• **Work order**
Could you transcribe each record below exactly as written, setting the pictures aside?

*** Opening of Excerpted data ***

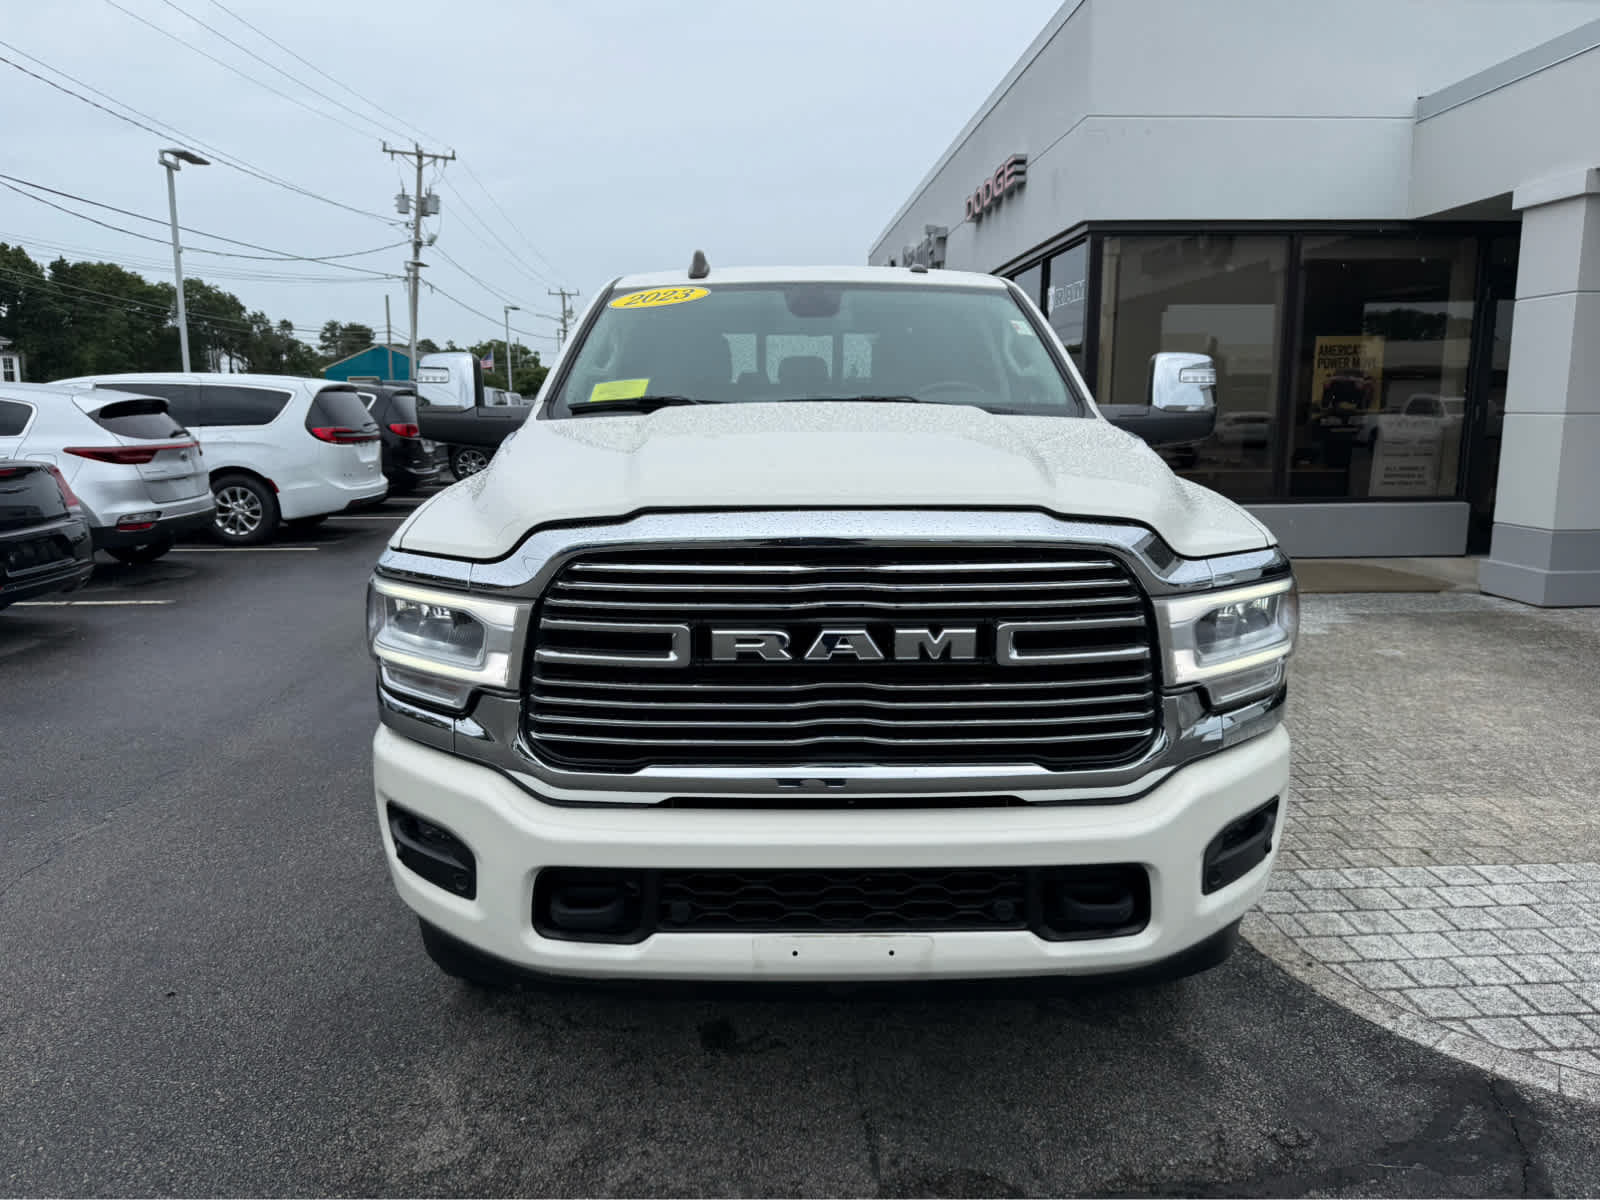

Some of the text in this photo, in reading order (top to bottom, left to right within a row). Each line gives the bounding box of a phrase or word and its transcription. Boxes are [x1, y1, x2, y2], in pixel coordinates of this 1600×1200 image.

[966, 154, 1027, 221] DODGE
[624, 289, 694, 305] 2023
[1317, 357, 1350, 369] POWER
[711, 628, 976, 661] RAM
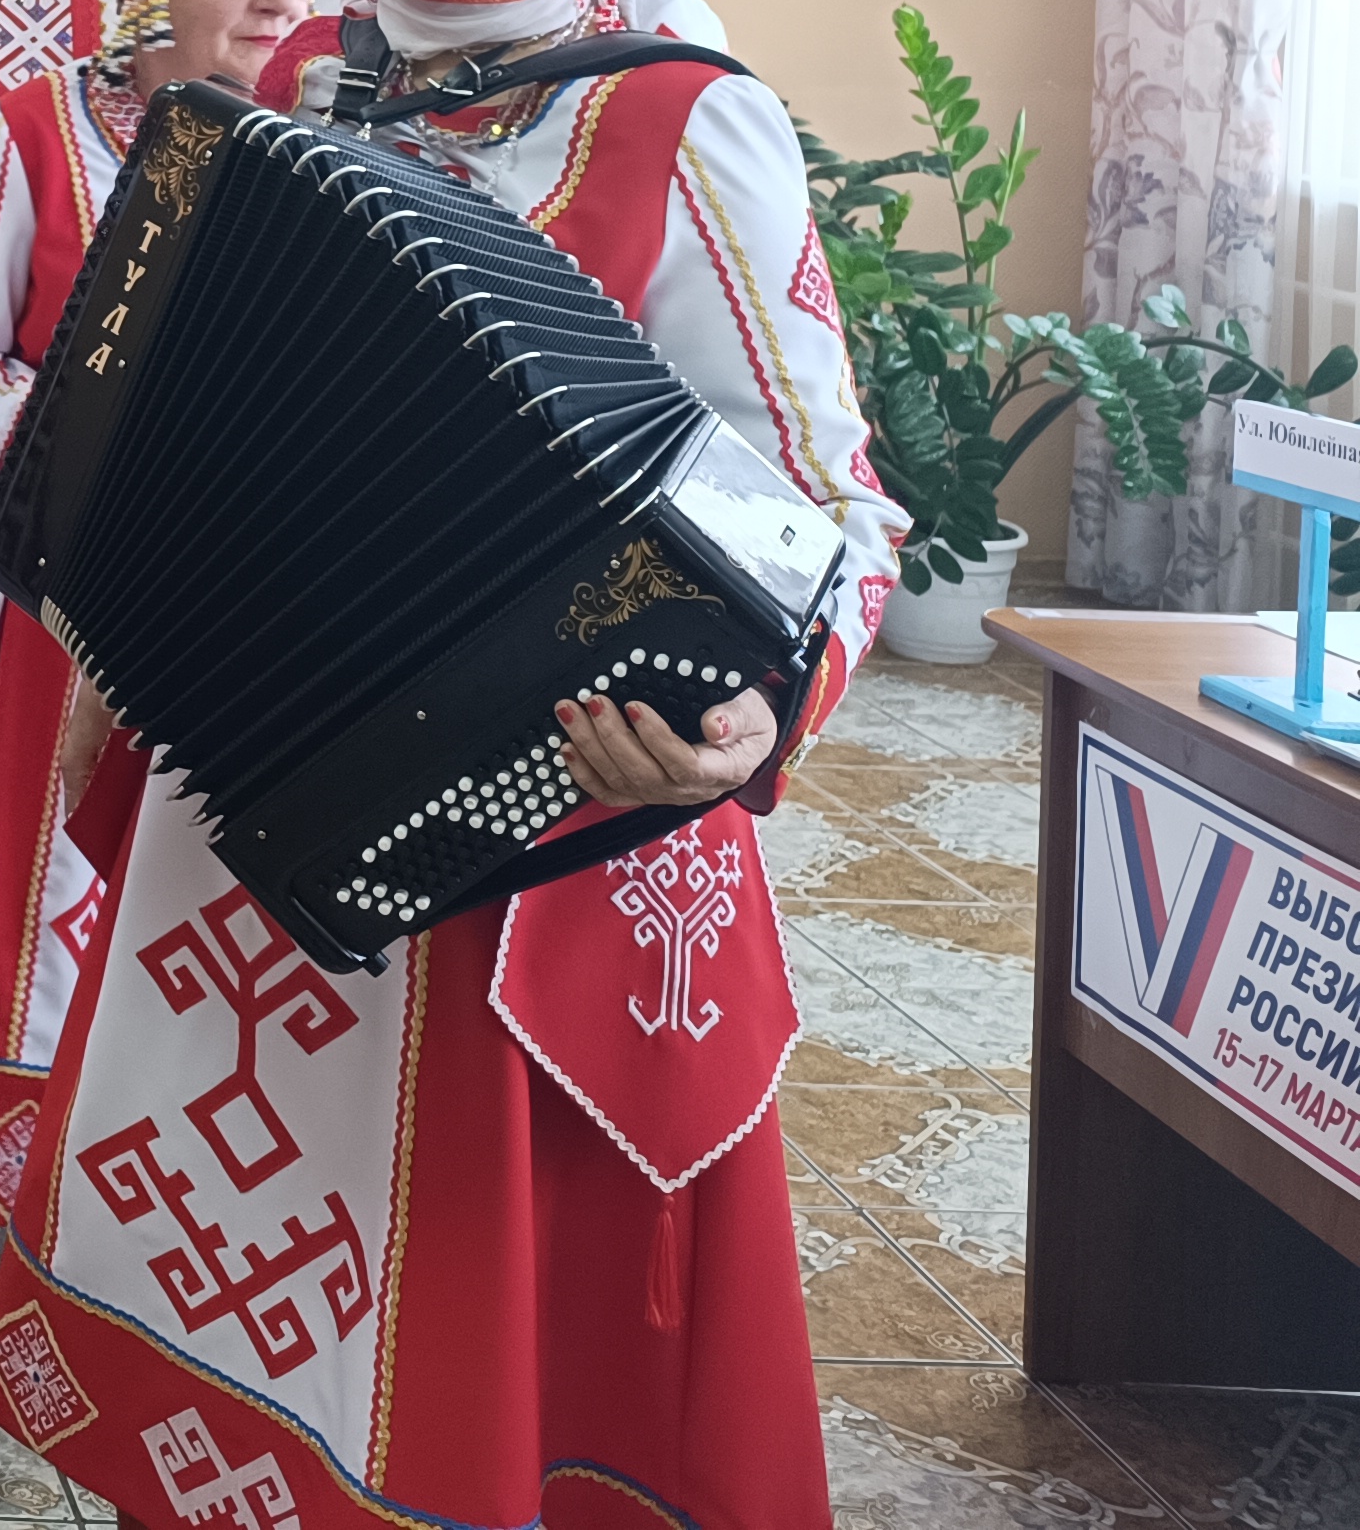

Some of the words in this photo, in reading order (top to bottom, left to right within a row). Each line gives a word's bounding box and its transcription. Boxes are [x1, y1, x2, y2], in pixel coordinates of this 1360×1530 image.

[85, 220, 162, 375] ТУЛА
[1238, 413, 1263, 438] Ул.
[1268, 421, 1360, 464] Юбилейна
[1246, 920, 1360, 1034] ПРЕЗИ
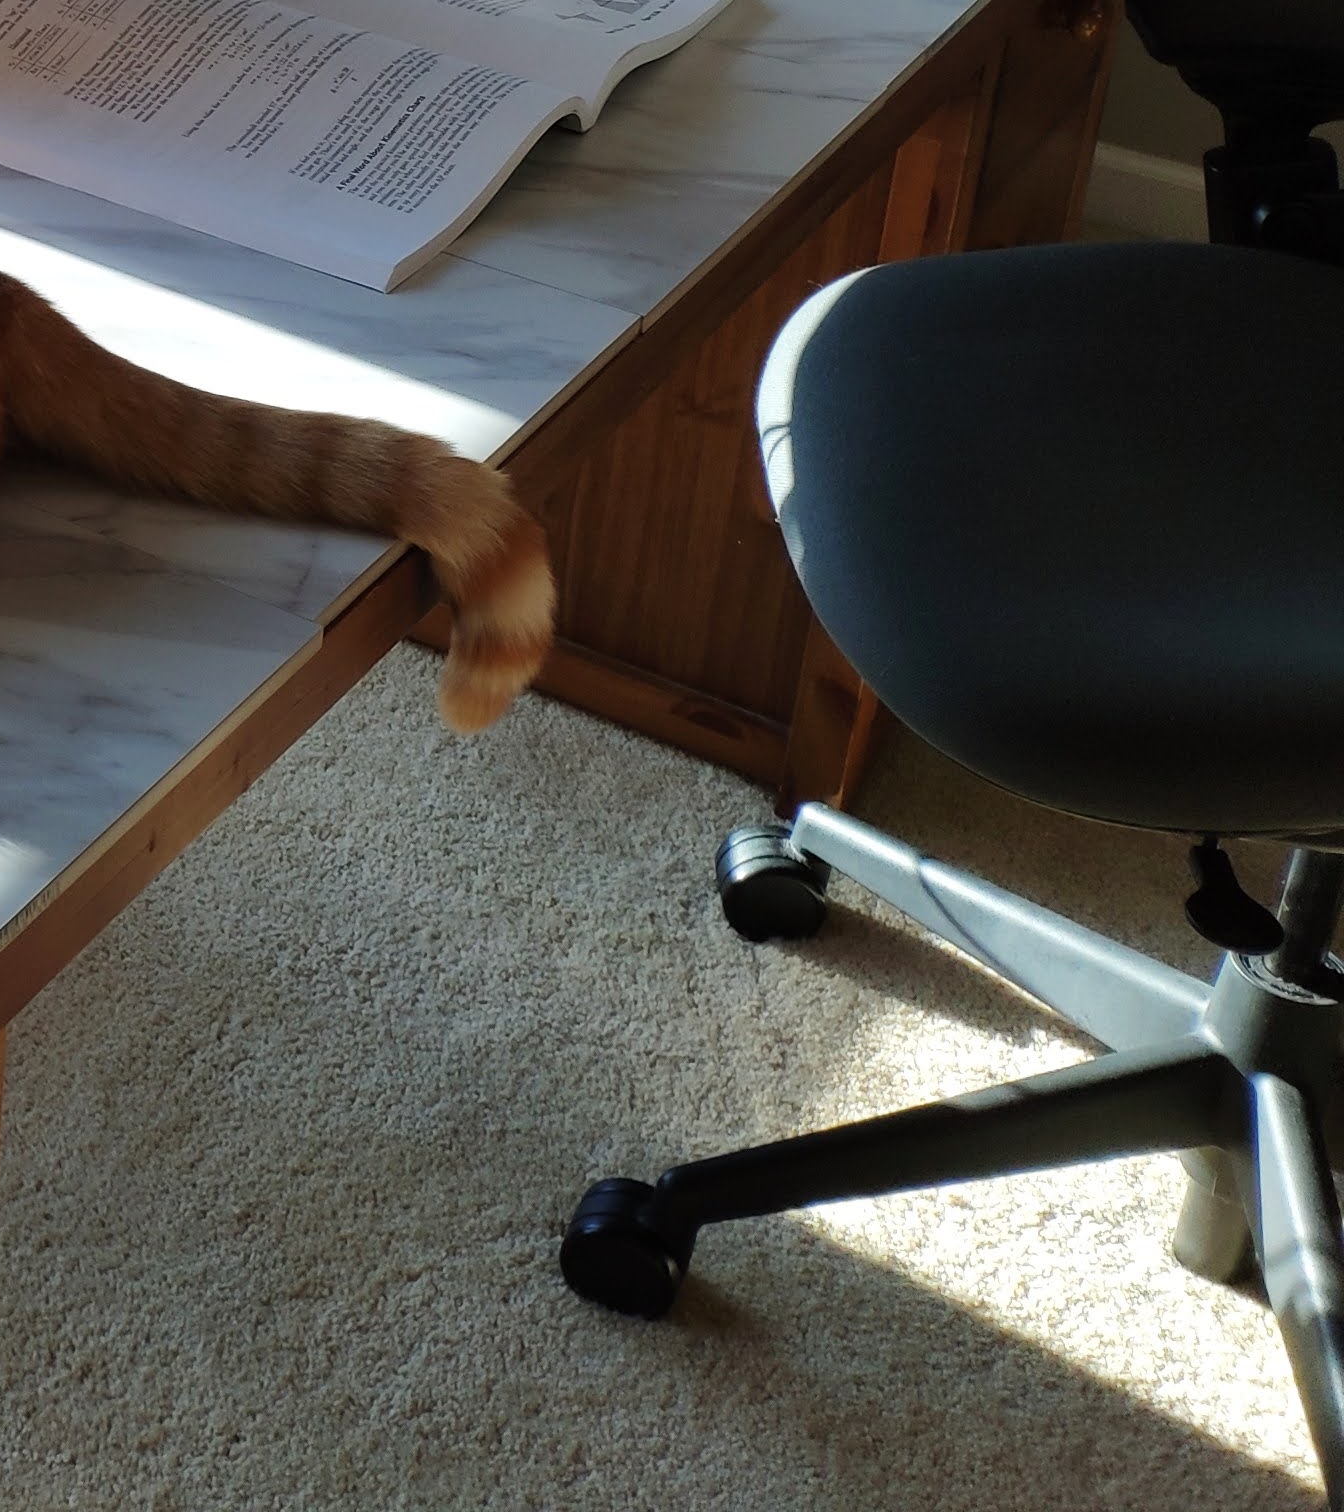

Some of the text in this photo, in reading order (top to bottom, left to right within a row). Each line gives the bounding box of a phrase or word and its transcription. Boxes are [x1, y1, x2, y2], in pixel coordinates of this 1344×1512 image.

*** Close of Excerpted data ***

• **Written answer**
Some of the text in this photo, in reading order (top to bottom, left to right within a row). Each line gives the bounding box of a phrase or word and its transcription. Boxes are [x1, y1, x2, y2], in pixel coordinates of this 1600×1200 image.

[966, 154, 1027, 221] DODGE
[624, 289, 694, 305] 2023
[1317, 357, 1350, 369] POWER
[711, 628, 976, 661] RAM

Some of the words in this photo, in reading order (top to bottom, left to right within a row). Each line gives a word's bounding box and its transcription. Boxes are [x1, y1, x2, y2], in pixel coordinates of this 1360×1530 image.

[85, 220, 162, 375] ТУЛА
[1238, 413, 1263, 438] Ул.
[1268, 421, 1360, 464] Юбилейна
[1246, 920, 1360, 1034] ПРЕЗИ

Some of the text in this photo, in reading order (top to bottom, left to right within a row). Each line gives the bounding box of a phrase or word and its transcription. Boxes are [x1, y1, x2, y2], in pixel coordinates of this 1344×1512 image.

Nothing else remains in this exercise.